● Record excerpts
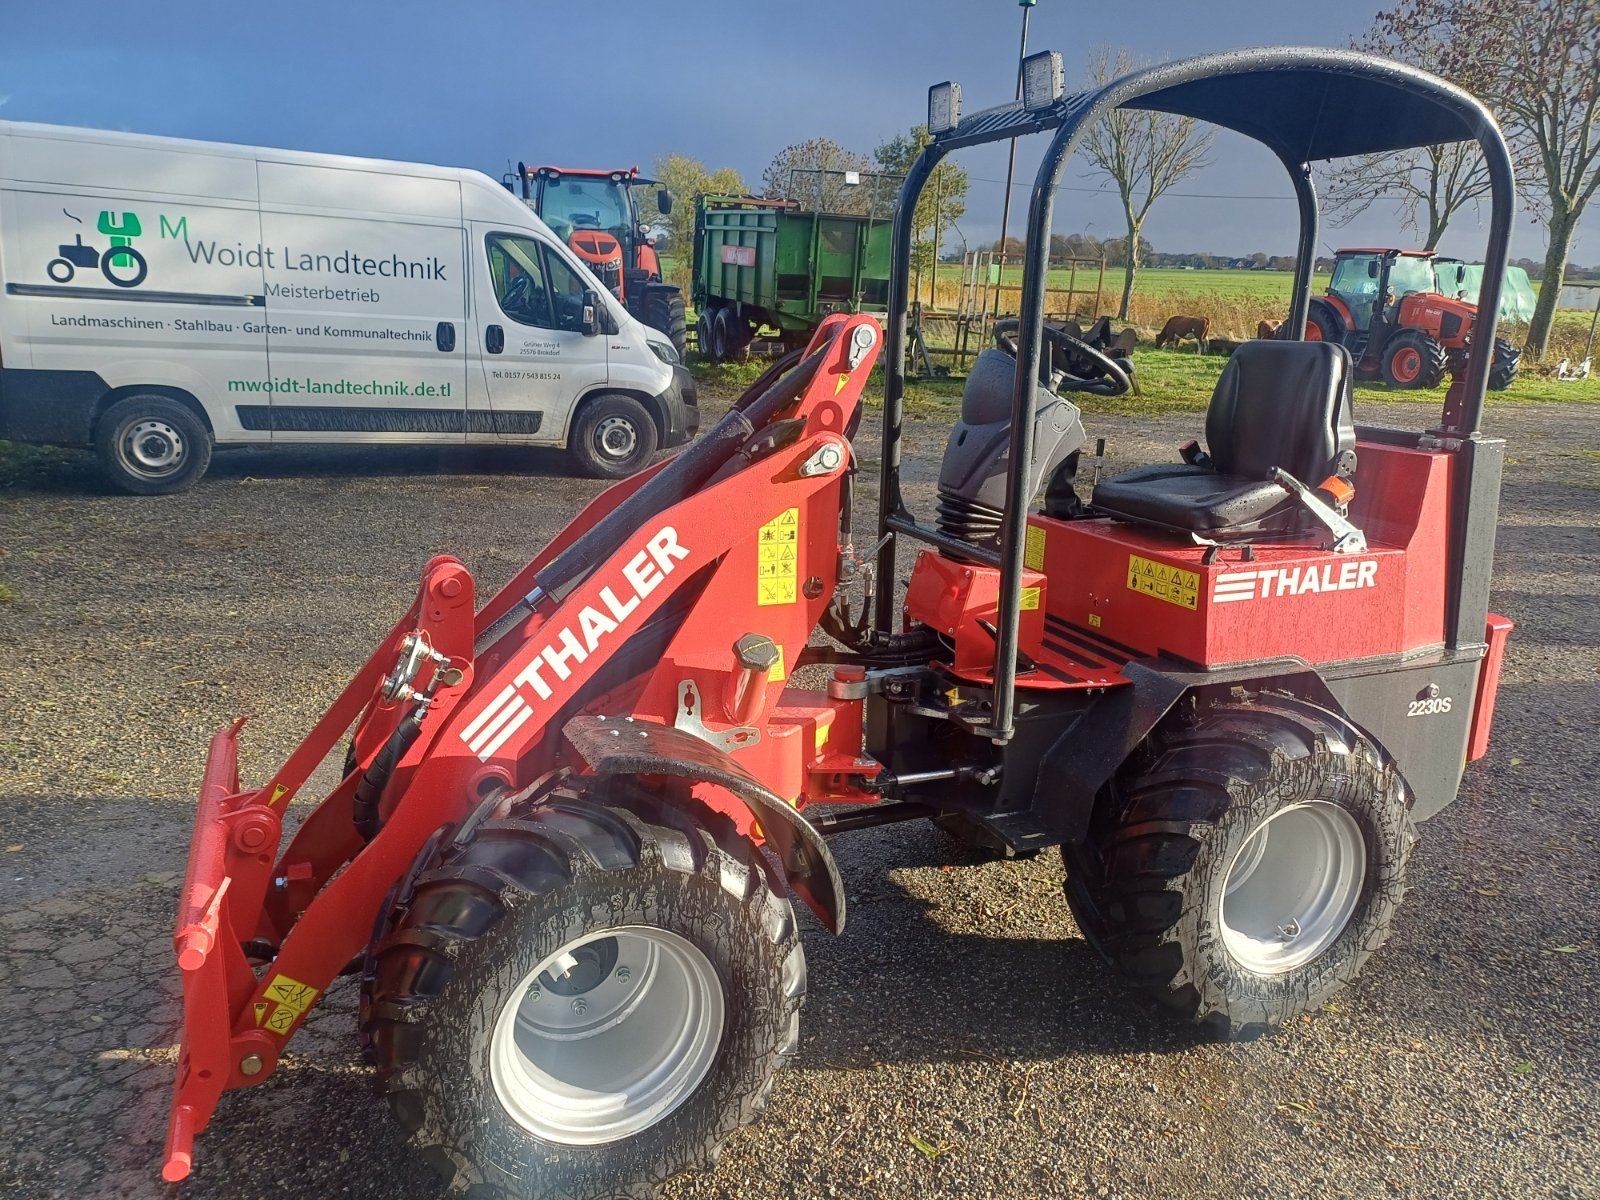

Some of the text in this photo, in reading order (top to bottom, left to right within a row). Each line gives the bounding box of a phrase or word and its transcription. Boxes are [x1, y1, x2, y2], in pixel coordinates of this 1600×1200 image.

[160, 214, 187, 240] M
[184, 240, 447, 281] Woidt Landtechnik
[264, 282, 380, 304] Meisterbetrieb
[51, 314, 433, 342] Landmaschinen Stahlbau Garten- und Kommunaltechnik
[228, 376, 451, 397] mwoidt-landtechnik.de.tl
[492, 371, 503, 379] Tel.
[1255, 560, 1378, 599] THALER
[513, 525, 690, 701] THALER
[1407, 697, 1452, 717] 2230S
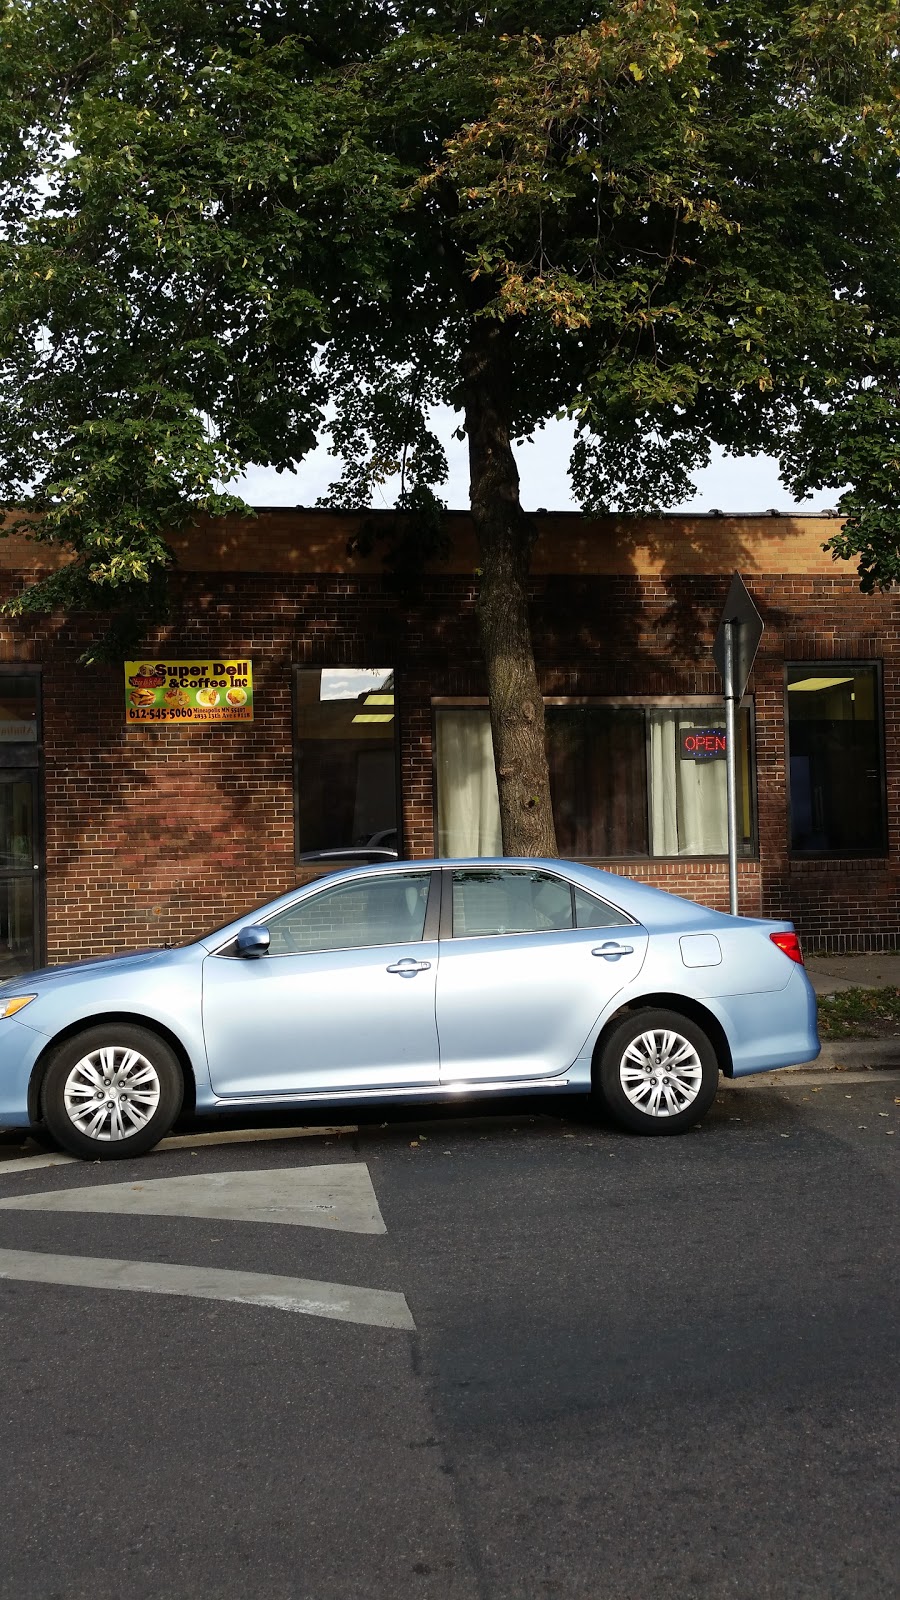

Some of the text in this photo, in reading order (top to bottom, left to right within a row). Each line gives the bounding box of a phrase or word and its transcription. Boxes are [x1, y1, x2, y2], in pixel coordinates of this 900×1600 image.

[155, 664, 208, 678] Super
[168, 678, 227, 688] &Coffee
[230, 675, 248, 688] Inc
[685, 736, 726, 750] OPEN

● What this task involves
Verbatim output of the entries is required, with each image left out.

● Output
Some of the text in this photo, in reading order (top to bottom, left to right within a row). Each line gives the bounding box of a phrase or word and its transcription. Boxes are [x1, y1, x2, y2], in pixel coordinates of this 1600×1200 image.

[160, 214, 187, 240] M
[184, 240, 447, 281] Woidt Landtechnik
[264, 282, 380, 304] Meisterbetrieb
[51, 314, 433, 342] Landmaschinen Stahlbau Garten- und Kommunaltechnik
[228, 376, 451, 397] mwoidt-landtechnik.de.tl
[492, 371, 503, 379] Tel.
[1255, 560, 1378, 599] THALER
[513, 525, 690, 701] THALER
[1407, 697, 1452, 717] 2230S

Some of the text in this photo, in reading order (top to bottom, left to right within a row). Each line gives the bounding box of a phrase or word and its transcription. Boxes are [x1, y1, x2, y2], in pixel coordinates of this 900×1600 image.

[155, 664, 208, 678] Super
[168, 678, 227, 688] &Coffee
[230, 675, 248, 688] Inc
[685, 736, 726, 750] OPEN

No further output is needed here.